Ingestant allergens, e.g. egg, cow’s milk, nuts, wheat, seeds, legumes, seafood and fruits
What are the risk factors for allergy
PMHx atopy or anapylaxis
FMHx of atopy (asthma, eczema, rhinitis)
Occupation, recreational, geographical exposure to allergens
Hygiene hypotheses (lower risk of allergy in children of large families and those raised in farms, modern living conditions = increased allergy)
What are the symptoms of IgE mediated allergy
Urticaria
Facial swelling
Anaphylaxis within 10-15 minutes
GIT: N&V, diarrhoea, colicky abdominal pain
ENT: nasal itching, sneezing, rhinorrhoea
Respiratory: cough, chest tightness, wheeze, mouth breathing
Sleep: Hx apnoea/snoring
What are the symptoms of non-IgE mediated allergy
GIT: N&V, diarrhoea, colicky abdominal pain, blood in stools (Proctitis, severe vomiting)

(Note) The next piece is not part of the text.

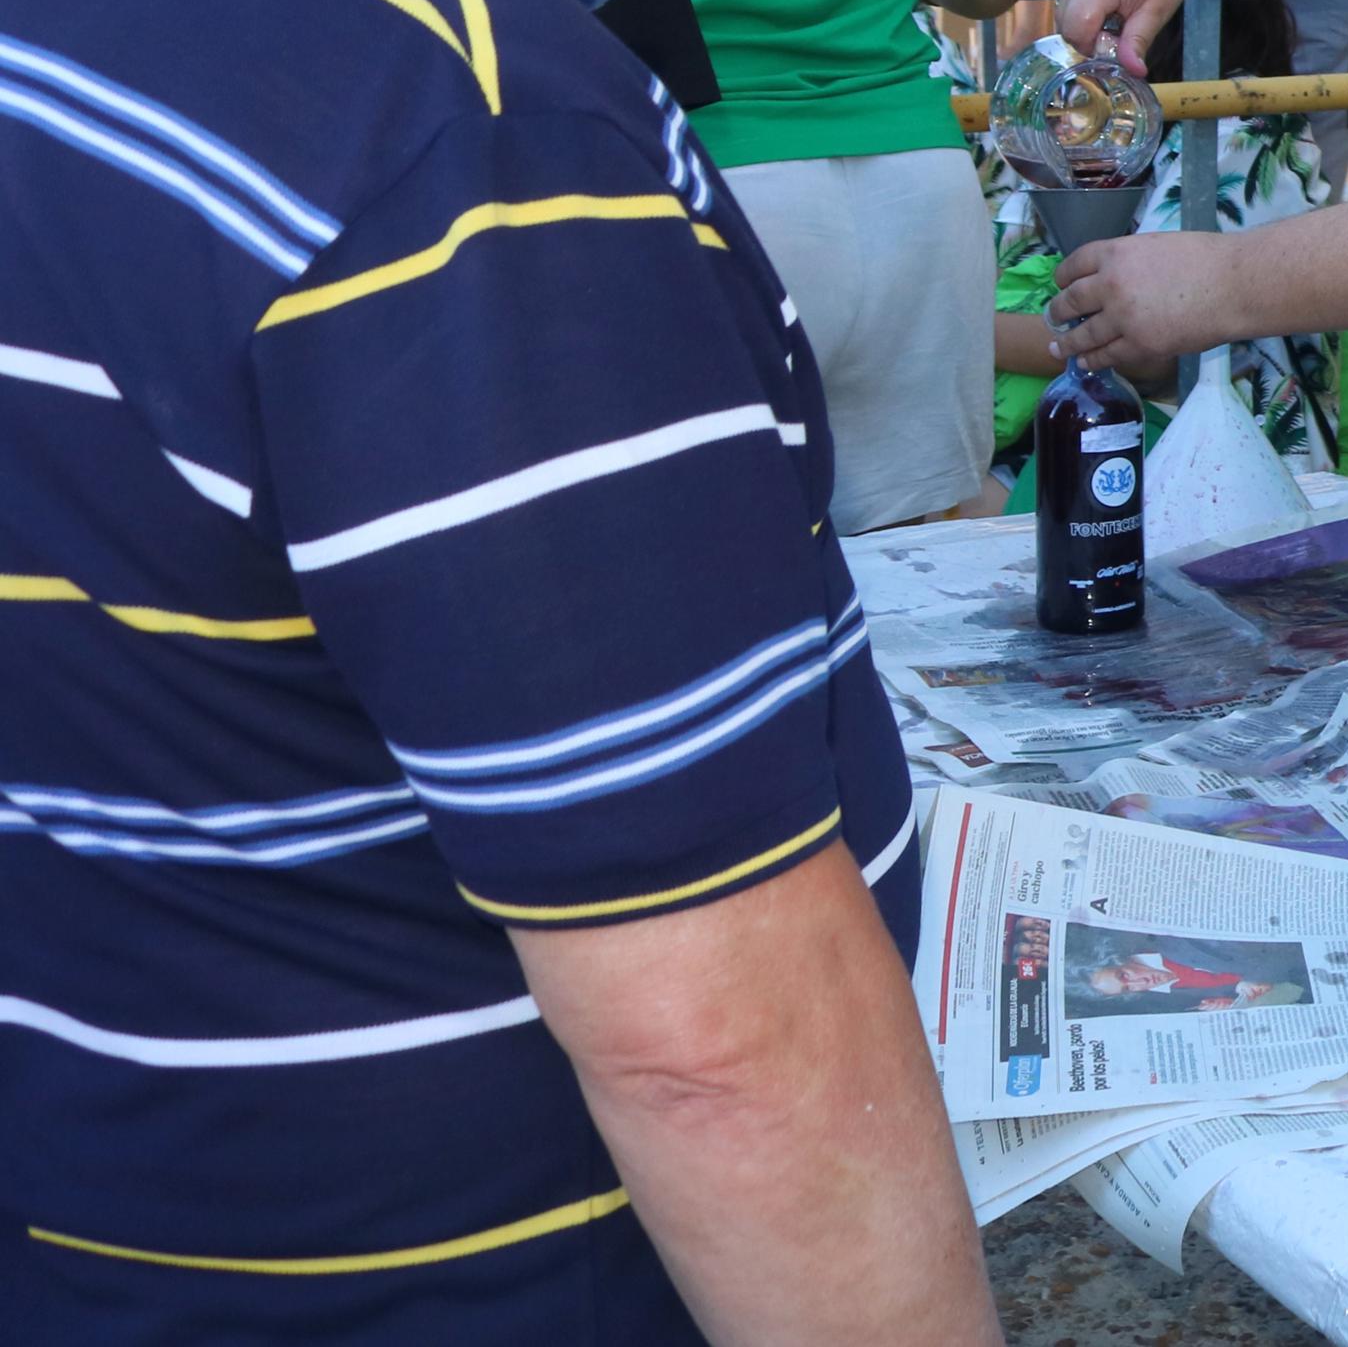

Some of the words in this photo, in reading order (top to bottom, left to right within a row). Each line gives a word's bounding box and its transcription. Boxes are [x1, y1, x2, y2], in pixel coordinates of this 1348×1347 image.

What are the signs of allergy on examination
Obs
Height and weight + growth charts
General: urticaria, facial swelling, sneezing, rhinorrhoea, eczema
ENT: mouth breathing, allergic salute, pale and swollen inferior nasal turbinates
Resp: cough, wheeze, hyperinflated chest, harrison sulci
Eyes: conjunctivitis → Denni-morgan folds (prominent creases), blue-grey discolouration below the lower eyelids
What investigations are done for allergy
Serum-specific IgE allergy testing (RAST): raised response
Skin prick testing (ensure antihistamines are stopped)
Double-blind placebo controlled food challenge (must be done in hospital)
What is the management for allergies
Avoidance of relevant allergen
Individualised written allergy management plan
Education: allergy UK, british dietetic association
Review annually
Mild reactions: PO non-sedating antihistamines PRN
Proteins with an unstable tertiary structure may be rendered non-allergenic by heat degradation or other forms of processing e.g. milk, eggs
What is the difference between oral and skin/resp exposure to allergens
Oral exposure → promotes immune tolerance (Due to T-regs from GI mucosa inhibiting IgE synthesis)
Skin and respiratory exposure → induces IgE sensitisation
What constitutes sensitisation testing
Allergen-specific IgE: skin prick or IgE RAST
IgE: positive control (histamine) and negative control dilutent)
- Positive = wheal >3mm than negative control
- Discontinue antihistamines 48h beforehand
IgE RAST (radioallergosorbent) blood tests
- Pt serum added to the allergen → detection of IgE via anti-IgE Abs tagged with a label
Note: tests for sensitisation, NOT clinical allergy
What are the indications for IgE RAST testing
Patients who can’t stop antihistamines (otherwise do skin test)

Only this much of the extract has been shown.